_Exercise brief_
Repeat every record below exactly, but leave out any pictures.

_Data extracted from a collection_

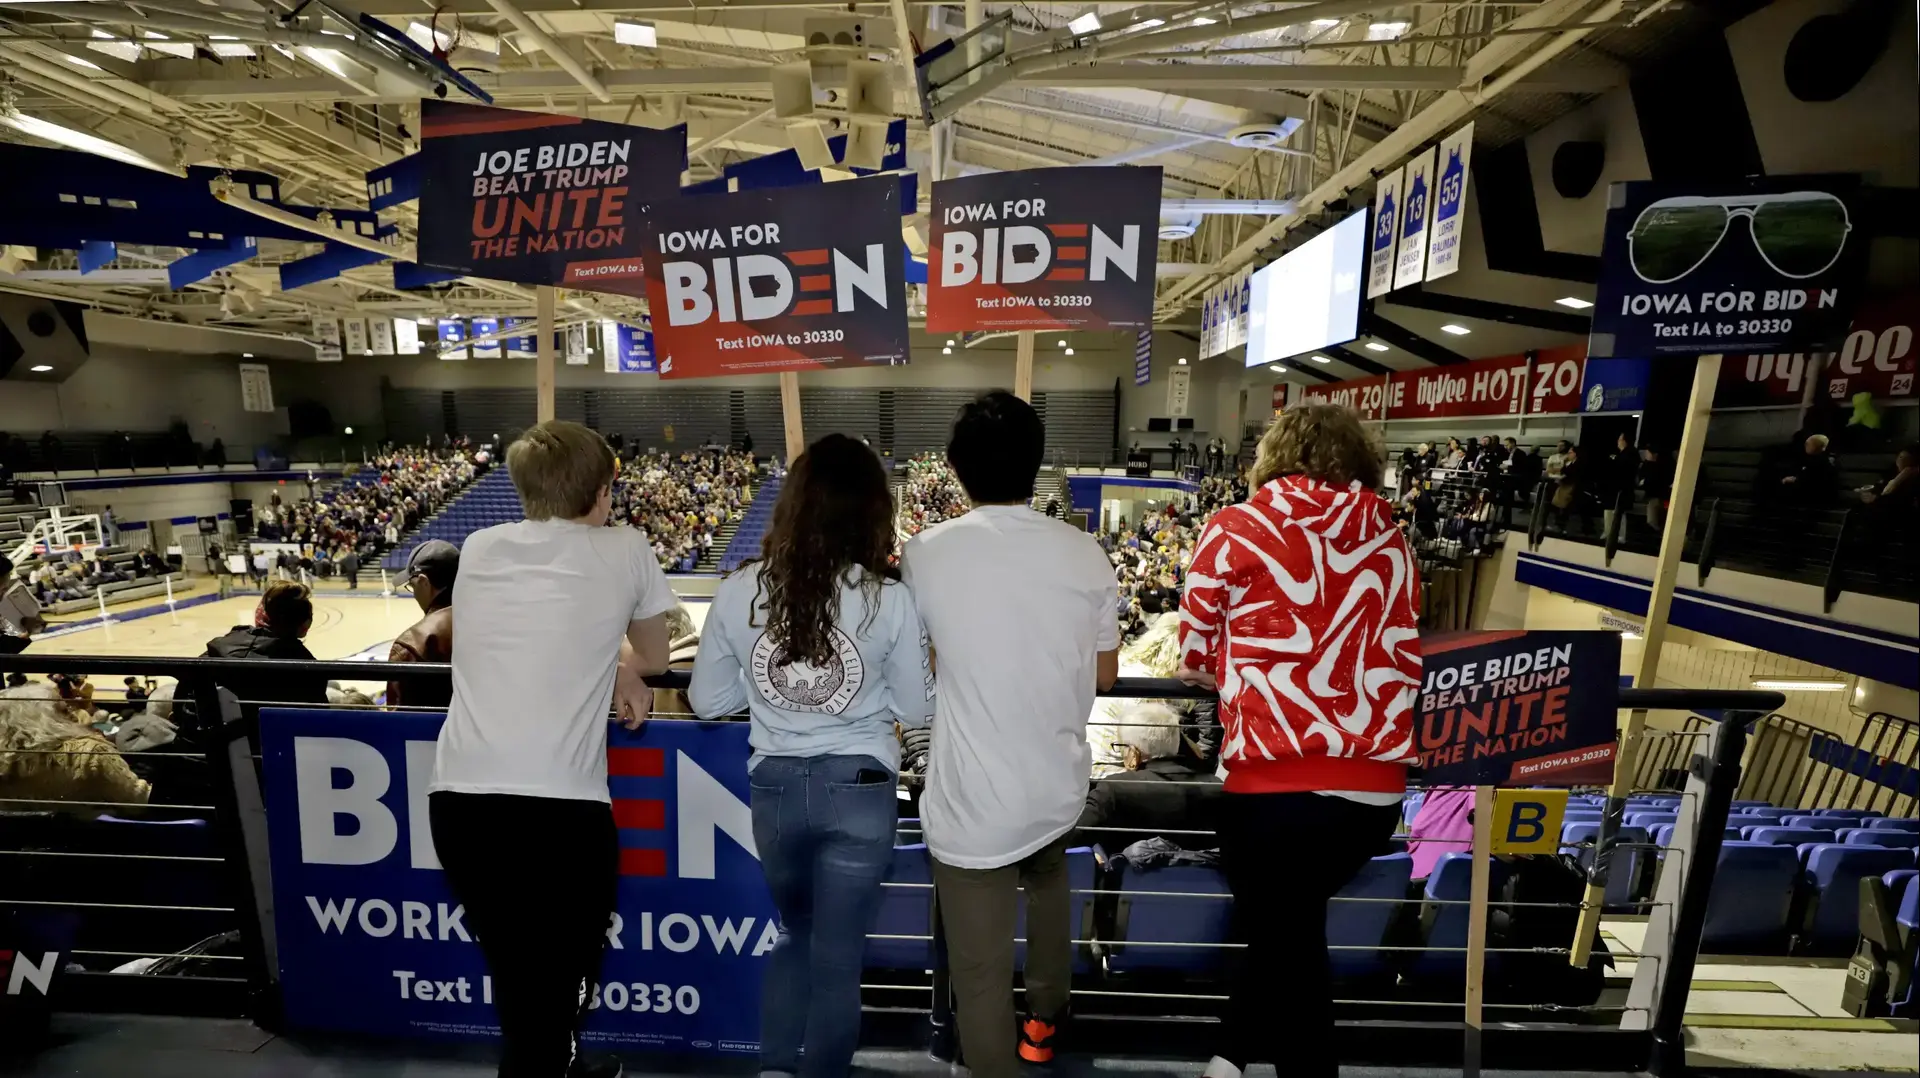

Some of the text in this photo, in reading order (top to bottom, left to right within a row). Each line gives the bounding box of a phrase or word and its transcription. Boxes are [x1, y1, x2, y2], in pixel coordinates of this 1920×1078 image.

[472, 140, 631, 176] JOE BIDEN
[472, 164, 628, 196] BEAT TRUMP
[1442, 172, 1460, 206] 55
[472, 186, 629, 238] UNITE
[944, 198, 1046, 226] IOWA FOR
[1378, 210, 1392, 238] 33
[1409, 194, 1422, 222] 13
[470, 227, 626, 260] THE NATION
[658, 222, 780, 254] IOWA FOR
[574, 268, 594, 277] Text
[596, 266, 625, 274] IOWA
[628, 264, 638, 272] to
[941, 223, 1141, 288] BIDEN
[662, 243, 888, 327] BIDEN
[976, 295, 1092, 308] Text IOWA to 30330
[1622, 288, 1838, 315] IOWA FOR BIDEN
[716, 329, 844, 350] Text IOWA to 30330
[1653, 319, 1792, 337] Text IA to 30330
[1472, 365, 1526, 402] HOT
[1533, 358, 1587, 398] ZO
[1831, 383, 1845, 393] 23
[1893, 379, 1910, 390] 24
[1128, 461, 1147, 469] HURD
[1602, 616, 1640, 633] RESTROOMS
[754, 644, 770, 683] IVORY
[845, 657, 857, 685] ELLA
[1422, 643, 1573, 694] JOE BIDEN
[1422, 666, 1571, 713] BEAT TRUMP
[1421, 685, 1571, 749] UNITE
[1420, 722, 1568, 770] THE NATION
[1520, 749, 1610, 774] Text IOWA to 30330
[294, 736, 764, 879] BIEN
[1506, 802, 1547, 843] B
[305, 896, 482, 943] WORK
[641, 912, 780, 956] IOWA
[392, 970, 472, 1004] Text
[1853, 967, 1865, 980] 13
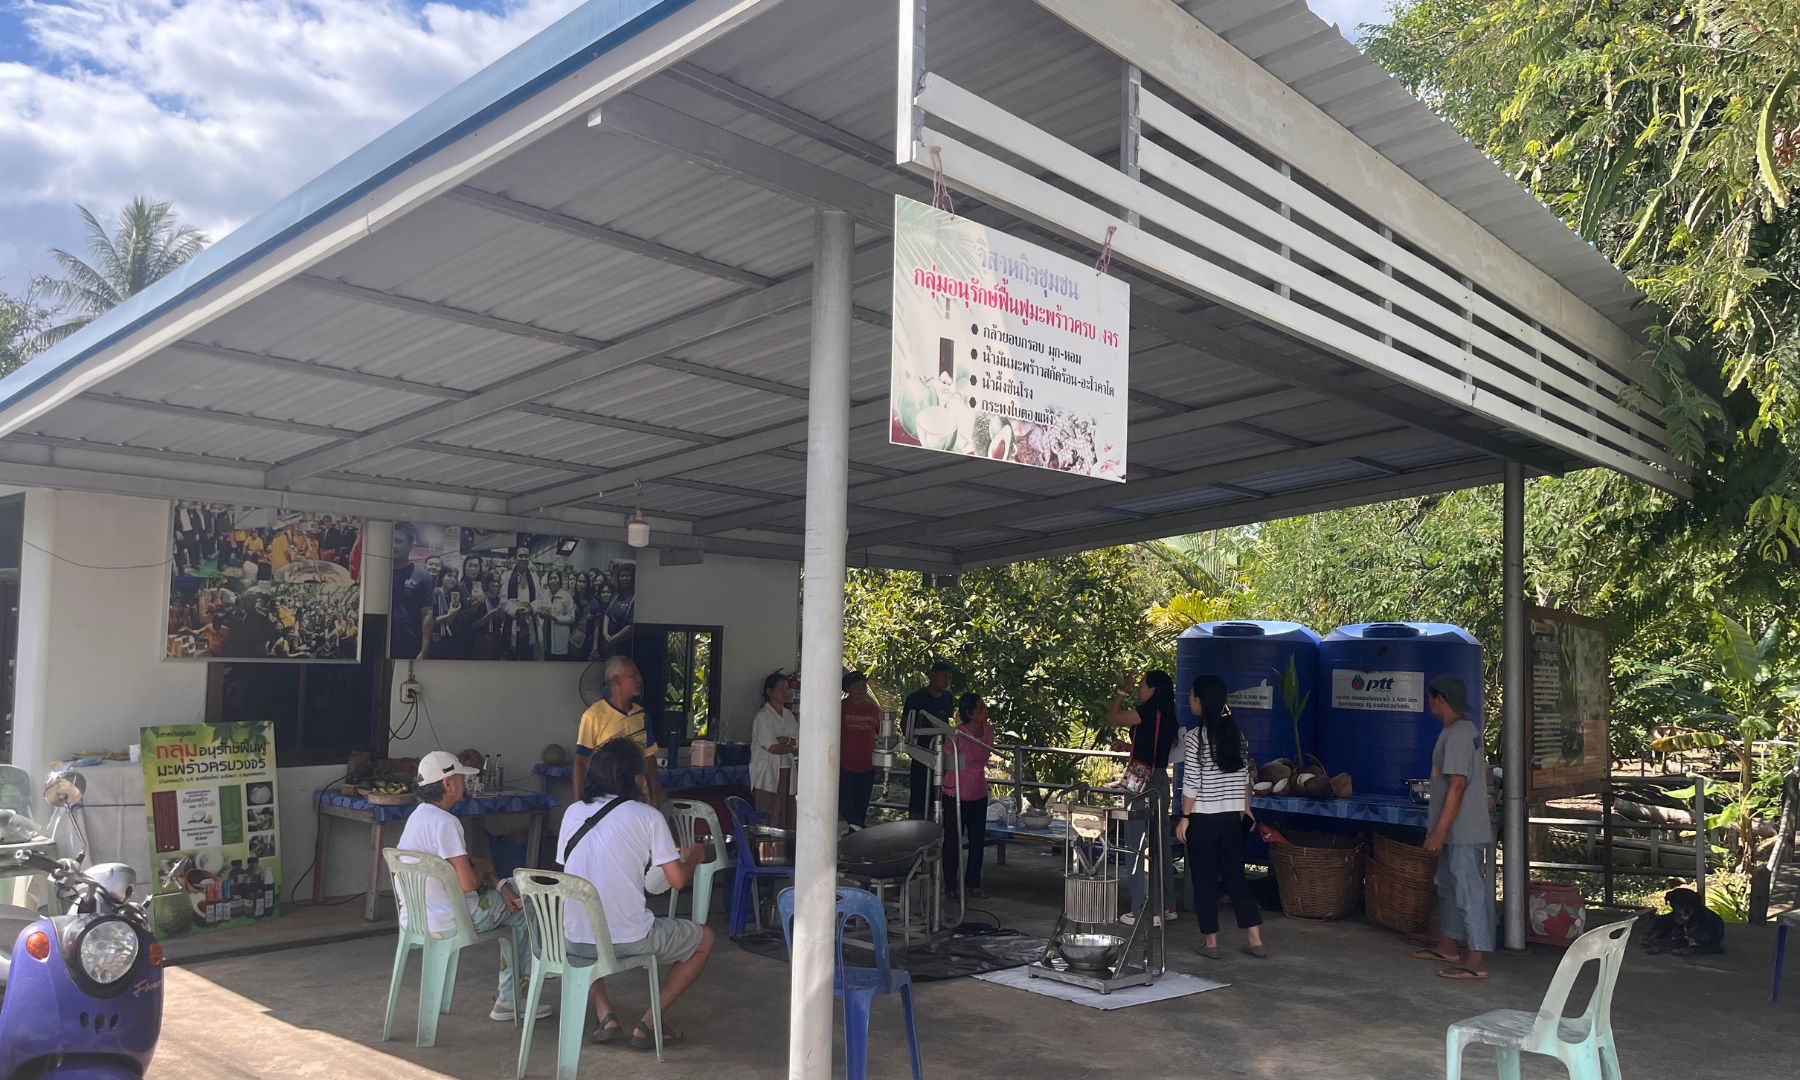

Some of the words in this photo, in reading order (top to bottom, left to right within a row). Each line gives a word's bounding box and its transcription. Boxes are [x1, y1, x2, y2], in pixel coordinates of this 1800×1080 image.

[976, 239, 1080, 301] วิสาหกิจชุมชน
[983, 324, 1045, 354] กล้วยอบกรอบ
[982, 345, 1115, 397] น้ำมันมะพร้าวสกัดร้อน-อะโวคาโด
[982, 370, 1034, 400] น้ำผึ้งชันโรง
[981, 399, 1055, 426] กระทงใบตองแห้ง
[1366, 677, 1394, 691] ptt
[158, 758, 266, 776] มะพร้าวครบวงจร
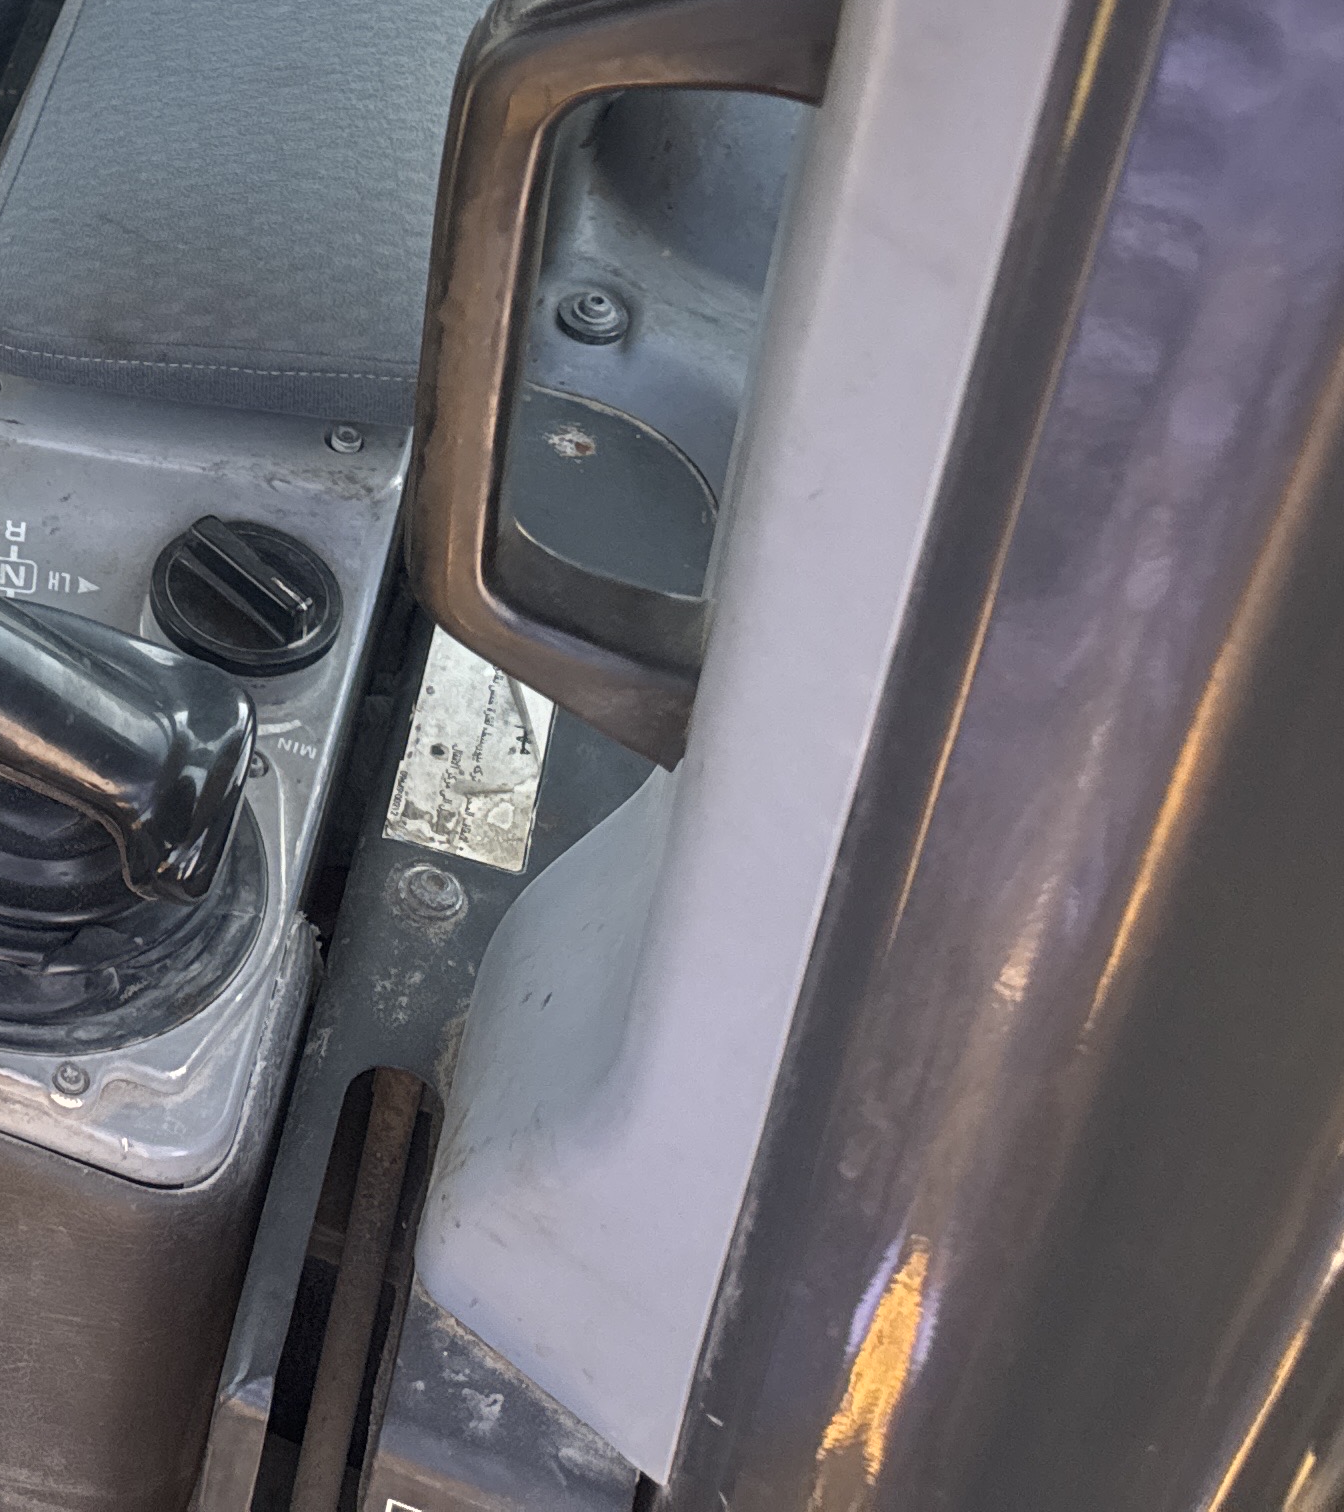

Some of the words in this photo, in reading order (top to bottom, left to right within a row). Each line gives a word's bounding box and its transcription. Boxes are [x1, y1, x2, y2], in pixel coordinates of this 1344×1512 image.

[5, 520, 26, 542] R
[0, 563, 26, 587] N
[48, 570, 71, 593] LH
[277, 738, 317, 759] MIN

_Answer area_
Some of the text in this photo, in reading order (top to bottom, left to right within a row). Each line gives the bounding box of a phrase or word and its transcription. Boxes are [x1, y1, x2, y2], in pixel coordinates of this 1920×1078 image.

[472, 140, 631, 176] JOE BIDEN
[472, 164, 628, 196] BEAT TRUMP
[1442, 172, 1460, 206] 55
[472, 186, 629, 238] UNITE
[944, 198, 1046, 226] IOWA FOR
[1378, 210, 1392, 238] 33
[1409, 194, 1422, 222] 13
[470, 227, 626, 260] THE NATION
[658, 222, 780, 254] IOWA FOR
[574, 268, 594, 277] Text
[596, 266, 625, 274] IOWA
[628, 264, 638, 272] to
[941, 223, 1141, 288] BIDEN
[662, 243, 888, 327] BIDEN
[976, 295, 1092, 308] Text IOWA to 30330
[1622, 288, 1838, 315] IOWA FOR BIDEN
[716, 329, 844, 350] Text IOWA to 30330
[1653, 319, 1792, 337] Text IA to 30330
[1472, 365, 1526, 402] HOT
[1533, 358, 1587, 398] ZO
[1831, 383, 1845, 393] 23
[1893, 379, 1910, 390] 24
[1128, 461, 1147, 469] HURD
[1602, 616, 1640, 633] RESTROOMS
[754, 644, 770, 683] IVORY
[845, 657, 857, 685] ELLA
[1422, 643, 1573, 694] JOE BIDEN
[1422, 666, 1571, 713] BEAT TRUMP
[1421, 685, 1571, 749] UNITE
[1420, 722, 1568, 770] THE NATION
[1520, 749, 1610, 774] Text IOWA to 30330
[294, 736, 764, 879] BIEN
[1506, 802, 1547, 843] B
[305, 896, 482, 943] WORK
[641, 912, 780, 956] IOWA
[392, 970, 472, 1004] Text
[1853, 967, 1865, 980] 13

Some of the words in this photo, in reading order (top to bottom, left to right within a row). Each line gives a word's bounding box and its transcription. Boxes are [x1, y1, x2, y2], in pixel coordinates of this 1800×1080 image.

[976, 239, 1080, 301] วิสาหกิจชุมชน
[983, 324, 1045, 354] กล้วยอบกรอบ
[982, 345, 1115, 397] น้ำมันมะพร้าวสกัดร้อน-อะโวคาโด
[982, 370, 1034, 400] น้ำผึ้งชันโรง
[981, 399, 1055, 426] กระทงใบตองแห้ง
[1366, 677, 1394, 691] ptt
[158, 758, 266, 776] มะพร้าวครบวงจร

Some of the words in this photo, in reading order (top to bottom, left to right within a row). Each line gives a word's bounding box and its transcription. Boxes are [x1, y1, x2, y2], in pixel coordinates of this 1344×1512 image.

[5, 520, 26, 542] R
[0, 563, 26, 587] N
[48, 570, 71, 593] LH
[277, 738, 317, 759] MIN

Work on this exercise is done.